As a Yoga Tune Up teacher and Rolfing practitioner I spend a lot of my work life getting people to roll around on balls. Yoga Tune Up (YTU) therapy balls to be precise. And since I do this with an awful lot of athletes, as well as people recovering from injuries and surgeries, I am frequently asked how the therapy balls differ from lacrosse balls or foam rollers, the two other most prevalent self-care tools. Let the debate begin!
1. Yoga Tune Up Therapy Balls:
Let’s just be clear that this is not an unbiased article. So instead of pretending to be an impartial journalist, I’ll instead tell you why they get my vote.
I’ve been a manual therapist, as a Rolfing practitioner, for thirteen years now. For many of those years I struggled with how frustrating it was that I couldn’t find any tool or system to send people home with so that they could “Rolf themselves” in their time when they weren’t on my table. I do find that most people need the sophisticated eyes and hands of a practitioner to unravel their compensatory patterns, at least initially, but as a general rule I adhere to the belief that our ultimate goal as practitioners should always be to get people to be the best self-healing organisms that they can be. And often smart self-care systems make a world of difference towards achieving this goal.

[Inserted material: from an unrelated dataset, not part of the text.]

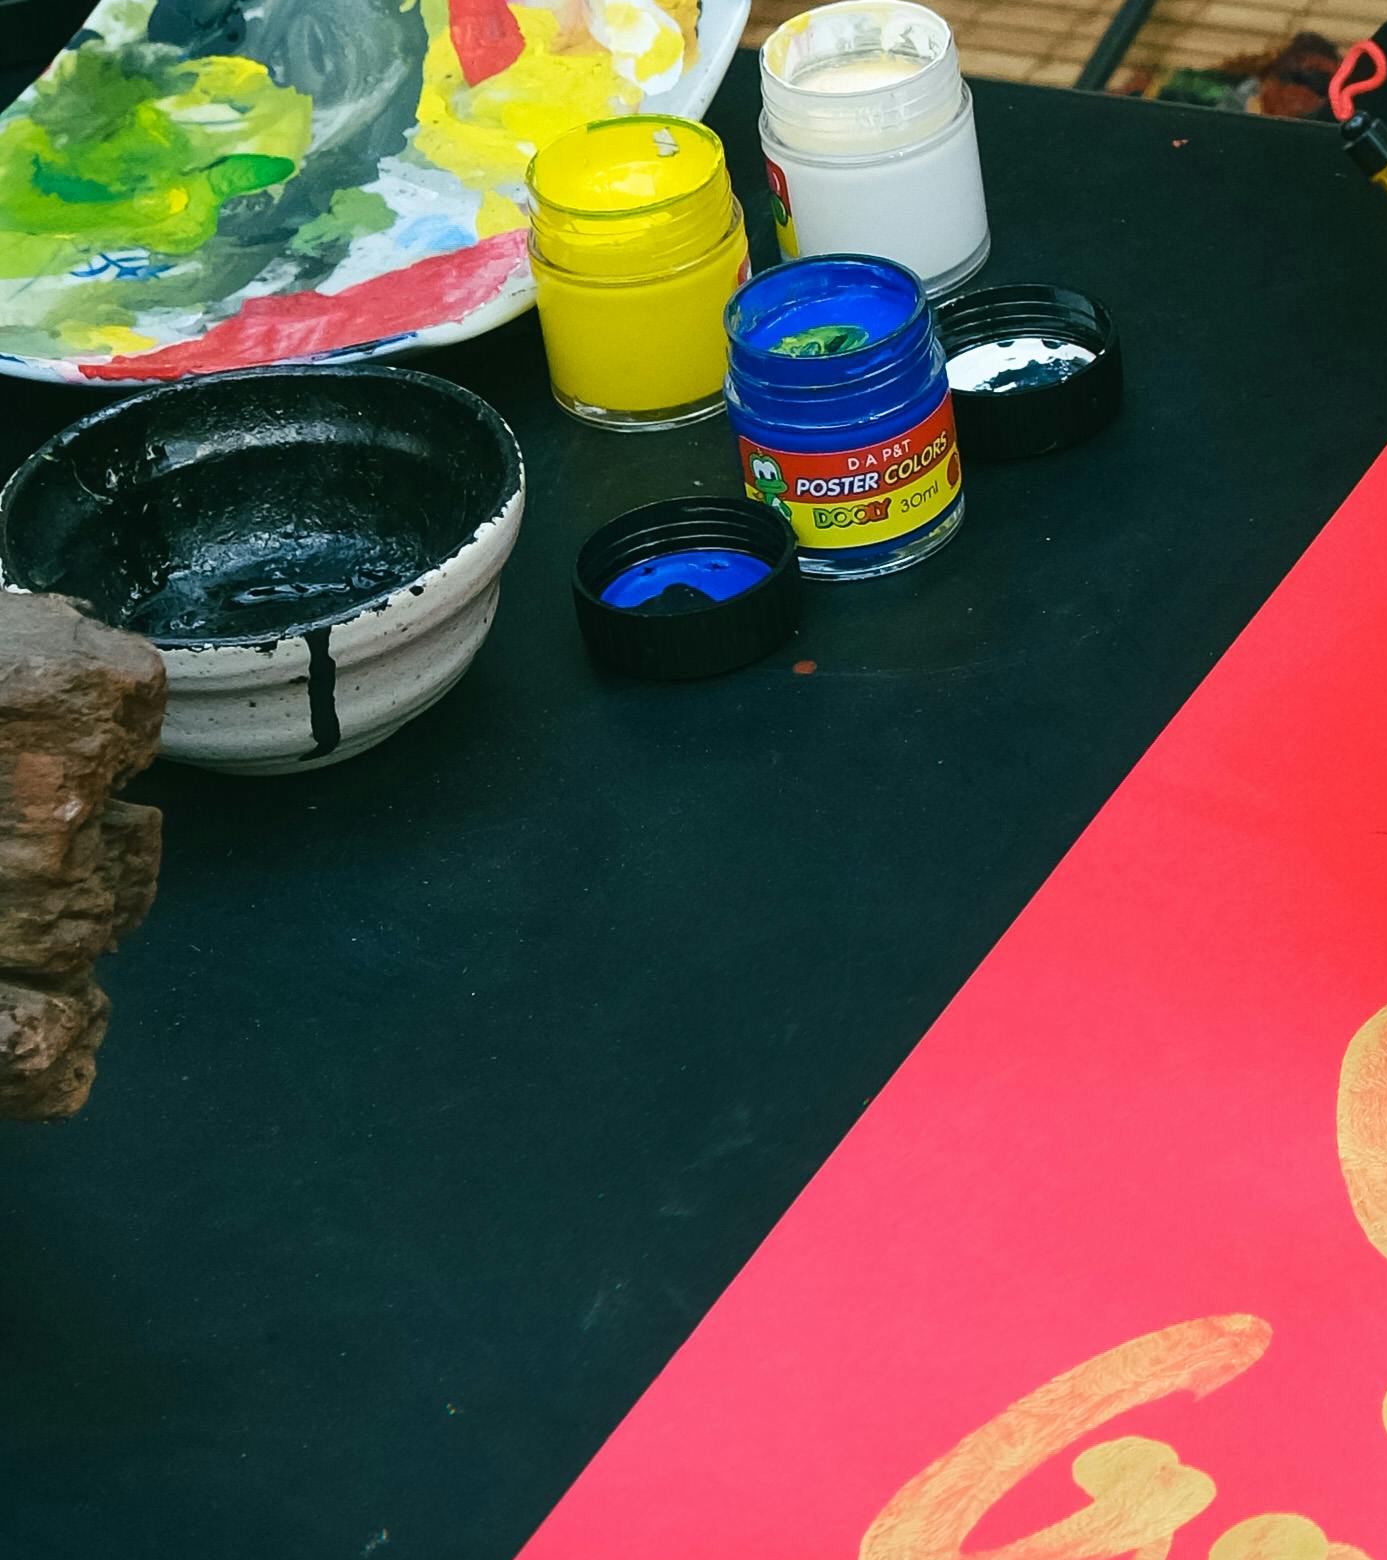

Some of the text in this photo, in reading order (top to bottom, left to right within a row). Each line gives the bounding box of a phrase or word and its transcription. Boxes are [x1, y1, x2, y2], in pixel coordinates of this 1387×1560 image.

[796, 431, 947, 497] POSTER COLORS
[900, 480, 940, 514] 30ml

Enter Yoga Tune Up. As it is a conscious corrective exercise form, Yoga Tune Up is vastly more than just balls [enter your favorite balls joke here]. But for the purposes of this article I will focus, ahem, on their balls, though I do utilize the corrective exercise work with clients and students just as much, if not more than I use the therapy ball work.
The perks of the YTU therapy balls:
Grippy: The rubber the YTU therapy balls are made of allows for a yummy amount of grab to your soft tissue, especially if you roll in the buff, which I highly recommend (but we do not actually do in my group classes, so don’t get on a plane expecting to show up to a room full of nudies or anything). This grip is important because it allows you to hook into the superficial fascia and create the all-important shear in that layer. This will also create an effect in the deep fascia because connective tissue being, well, connected, all the layers are tethered to one another. Most injuries are fascial and not muscular (more on this in next month’s post), that said, keeping the fascia hydrated so that all of our soft tissue layers can glide on one another, as they are designed to, will go a long way toward not only decreasing chronic pain and rehabilitating any current injuries, but also decreasing your risk for future injuries.
Pliable: The rubber the YTU therapy balls are made of is responsive. It has some give and therefore yields at bony prominences. This is important because you don’t wind up just reaming at your bones, which is at best unpleasant and at worst injurious. This also shields you from some of the risk of impinging nerves, which we clearly don’t want.